There are also rising concerns over eroded plastic pieces, called microplastics (microbeads, microfibres and nanoplastics) in the environment. These weathered plastic fragments, which can look like colourful grains of sand or barely visible plastic fibres, are being swallowed by animals and find their way up the food chain into the seafood that we eat. Preliminary findings have suggested that microplastics are ingested by marine life in TT waters.
The plastic problem is also a chemical one, as these synthetic materials are made of a range of substances with either questionable or proven toxicity.
Contrary to popular belief, not all plastics are reusable. Some plastics explicitly state “for one-time use.” However, we often ignore these labels and reuse these plastics indefinitely or until they have visibly broken down.
Why is an awareness of this important?
I went about trying to examine some of the items I use daily that contain plastic, and through my research, discovered that some plastics are not meant to be reused. This is because they begin to break down and can contaminate or seep into the product they were meant to hold. On most plastic products there is a basic numeric guide (1-7). This guide is used to classify the plastic, based on its type and re-usability. This designation helps in the recycling process but can also be used to give a picture of potential harmful effects of the repeated use of some of these plastics.
I have observed that the 5-gallon plastic bottle of a popular brand of bottled water is rated seven – which an online search indicates can contain: “Other plastics, such as BPA, Polycarbonate and Lexan.”

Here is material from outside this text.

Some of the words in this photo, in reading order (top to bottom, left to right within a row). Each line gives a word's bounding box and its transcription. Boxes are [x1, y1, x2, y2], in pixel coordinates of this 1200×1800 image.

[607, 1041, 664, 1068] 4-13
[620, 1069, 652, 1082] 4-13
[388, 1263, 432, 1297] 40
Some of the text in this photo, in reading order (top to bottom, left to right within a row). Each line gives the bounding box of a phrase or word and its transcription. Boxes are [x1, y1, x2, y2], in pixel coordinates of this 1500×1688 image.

Though it is not stated which type of plastic this company’s bottles are made from, it should be noted that BPA, short for bisphenol A is a controversial chemical. Some studies have identified it as a hormone disruptor. As a result, many products now advertise they are BPA-free.
Currently, thousands of 5-gallon bottles of water are drunk in TT.

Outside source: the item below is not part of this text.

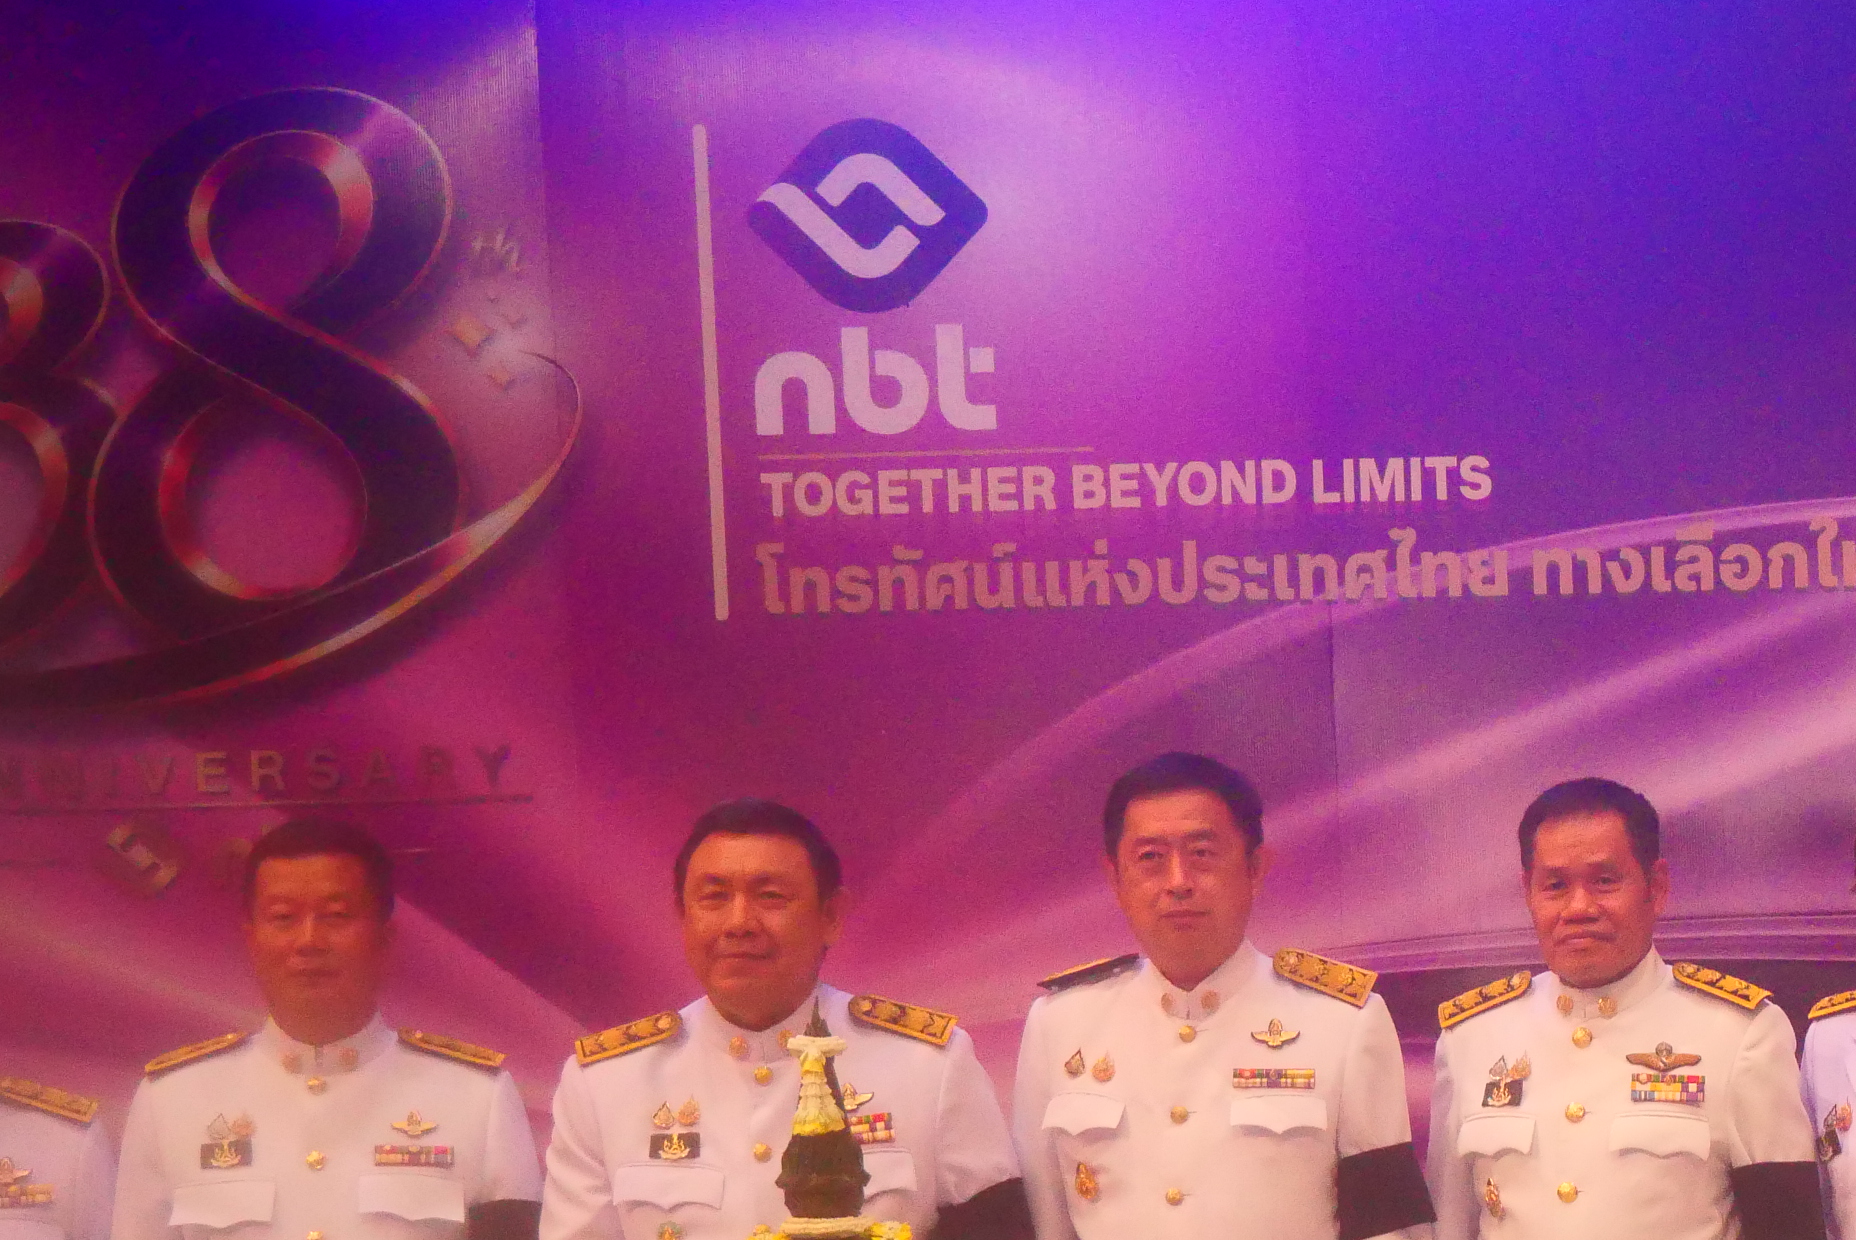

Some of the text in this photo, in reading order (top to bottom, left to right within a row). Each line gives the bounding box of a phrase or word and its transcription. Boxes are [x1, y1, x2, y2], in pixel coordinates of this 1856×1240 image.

[754, 323, 997, 436] nbt
[760, 455, 1494, 517] TOGETHER BEYOND LIMITS
[755, 527, 1510, 615] โทรทัศน์แห่งประเทศไทย

I contacted the company for more information, but was unable to get any clear answers, as I was referred from department to department on three occasions.

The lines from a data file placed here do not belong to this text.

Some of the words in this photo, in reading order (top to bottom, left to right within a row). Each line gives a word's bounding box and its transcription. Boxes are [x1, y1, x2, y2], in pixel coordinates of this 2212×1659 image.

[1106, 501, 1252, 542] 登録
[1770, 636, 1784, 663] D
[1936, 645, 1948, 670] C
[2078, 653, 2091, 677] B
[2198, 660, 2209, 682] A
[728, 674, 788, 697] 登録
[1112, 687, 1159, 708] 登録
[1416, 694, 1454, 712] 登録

I observed more recently that these bottles are being phased out for 25-gallon water bottles of the number 1 category: Polyethylene terephthalate.
An online search showed type 1 plastics are intended for single use — yet these bottles are refillable.
What were and are the consequences of thousands of people reusing and drinking from these bottles over the number of years the public has been exposed to them? What redress does the public have if items such as these are deemed unsafe?
What you can do
Plastic and waste in general can only be addressed if we rethink single use and what is an acceptable amount of waste.
Failure to do so is to the detriment of the environment which sustains us.
Some actions you can take are:
make signs for your river, park or school, as environmental education is something that should never stop
recycle plastics and encourage waste management in your area
research products that you buy for your family
ask companies and suppliers for clarification on products that may be a health concern.
abroad, some schools and institutions are making themselves plastic-free by entirely eliminating the use of three or more single-use items.
Social media, videos and hashtags are means of spreading greater awareness. Here are some I came upon or made up while writing this article #mylastplasticstraw, #myplasticfreesea, #fastfood-metalfork, #carryyourcutlery, #lessplasticisfantastic, #saynotostyrofoam and #plasticfootprint2019.
Akilah Stewart is a PhD candidate in environmental biology in the Department of Life Sciences, Faculty of Science and Technology, UWI, St Augustine. She has worked in the area of water resources management throughout the Caribbean over the past ten years.